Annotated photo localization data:
════════════════════
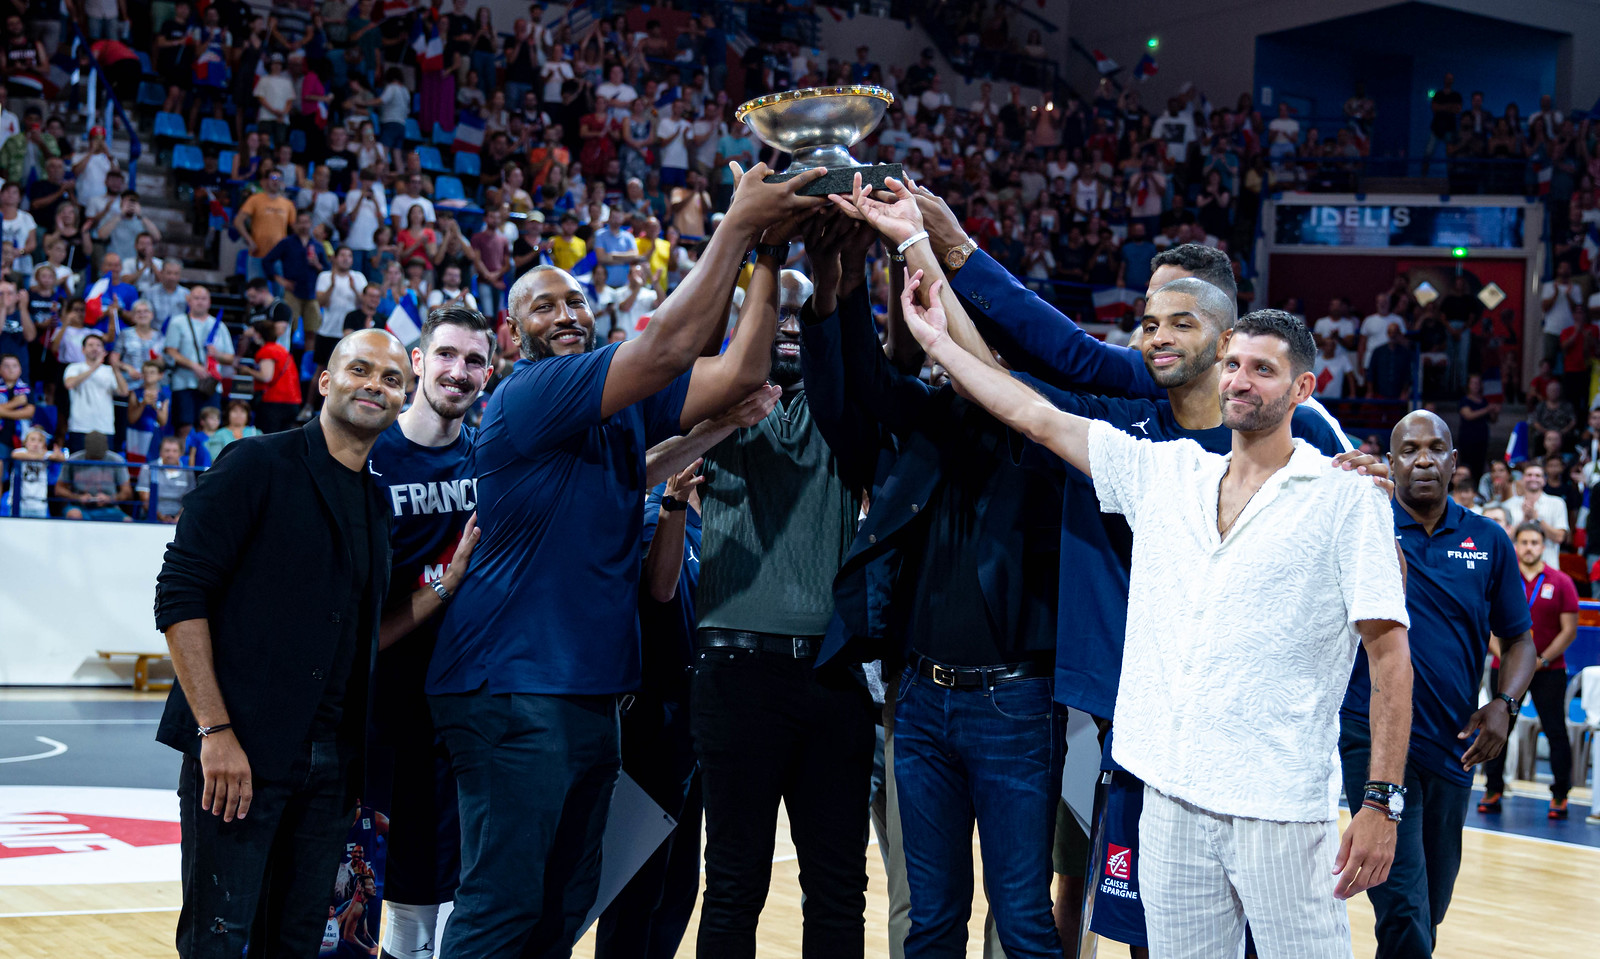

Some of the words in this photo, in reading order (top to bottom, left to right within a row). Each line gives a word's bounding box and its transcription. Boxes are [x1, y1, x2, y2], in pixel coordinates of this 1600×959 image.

[1310, 206, 1411, 228] IDELIS
[1447, 550, 1489, 560] FRANCE
[1104, 878, 1129, 890] CAISSE
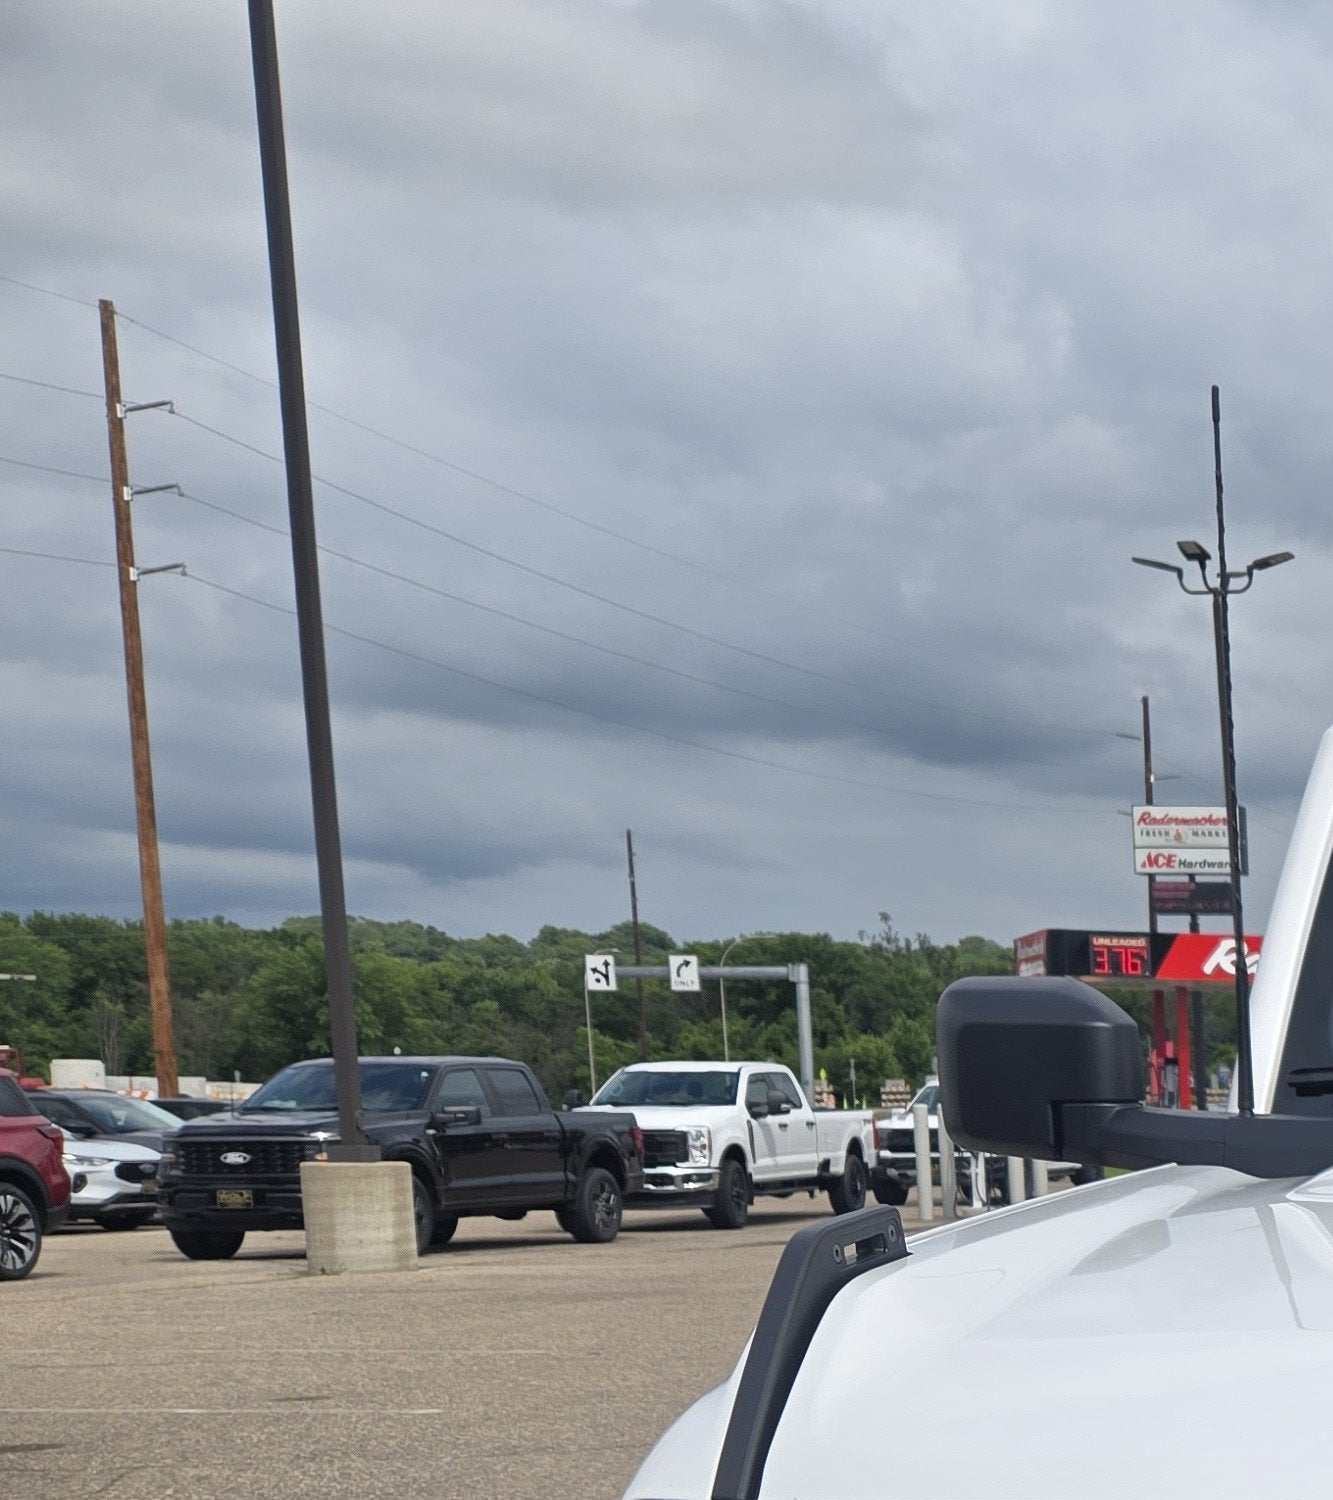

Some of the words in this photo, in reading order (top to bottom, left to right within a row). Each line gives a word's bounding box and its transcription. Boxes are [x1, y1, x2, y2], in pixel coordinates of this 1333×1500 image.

[1137, 811, 1228, 826] Radermacher
[1192, 829, 1228, 837] MARKE
[1140, 851, 1178, 869] ACE
[1093, 937, 1146, 947] UNLEADED
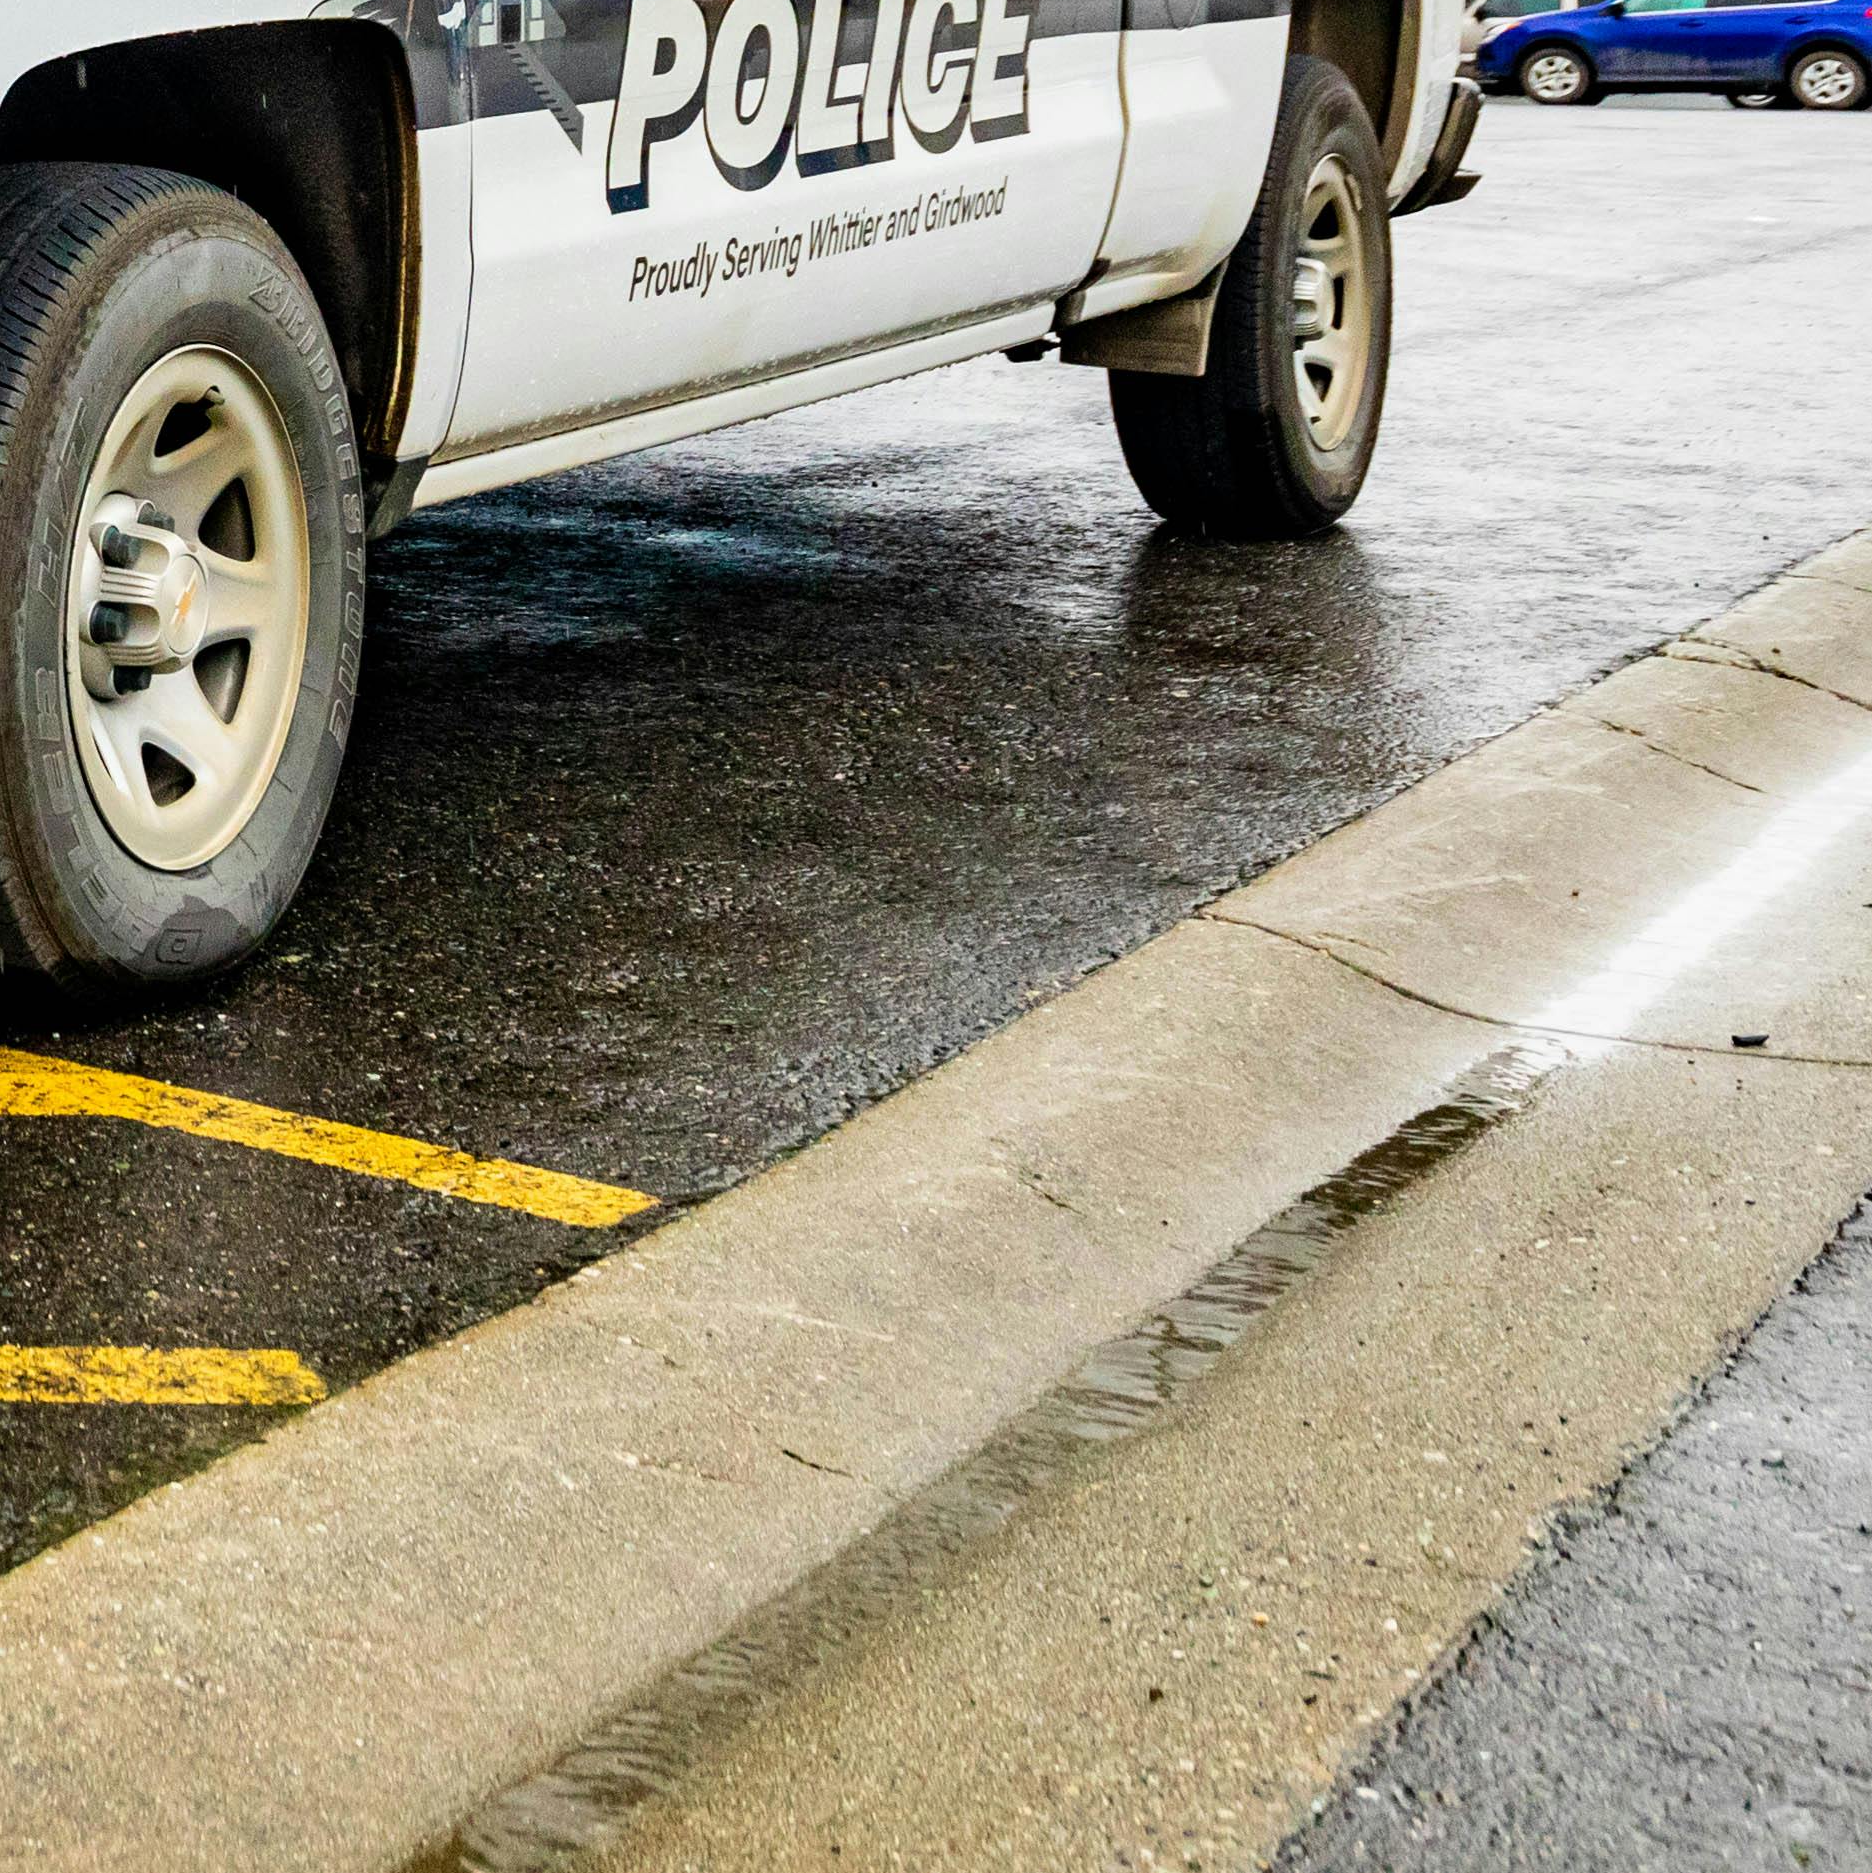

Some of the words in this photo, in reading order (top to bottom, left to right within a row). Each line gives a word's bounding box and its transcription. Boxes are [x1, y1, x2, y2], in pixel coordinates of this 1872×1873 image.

[628, 240, 719, 303] Proudly
[722, 226, 803, 278] Serving
[808, 206, 884, 261] Whittier
[885, 194, 922, 242] and
[924, 175, 1009, 233] Girdwood
════════════════════
What this task involves: Only one span of lines is wanted: the line with "this 1872×1873 image." and every line after it to the end of the entries, output exactly.

Result of this task:
Some of the words in this photo, in reading order (top to bottom, left to right within a row). Each line gives a word's bounding box and its transcription. Boxes are [x1, y1, x2, y2], in pixel coordinates of this 1872×1873 image.

[628, 240, 719, 303] Proudly
[722, 226, 803, 278] Serving
[808, 206, 884, 261] Whittier
[885, 194, 922, 242] and
[924, 175, 1009, 233] Girdwood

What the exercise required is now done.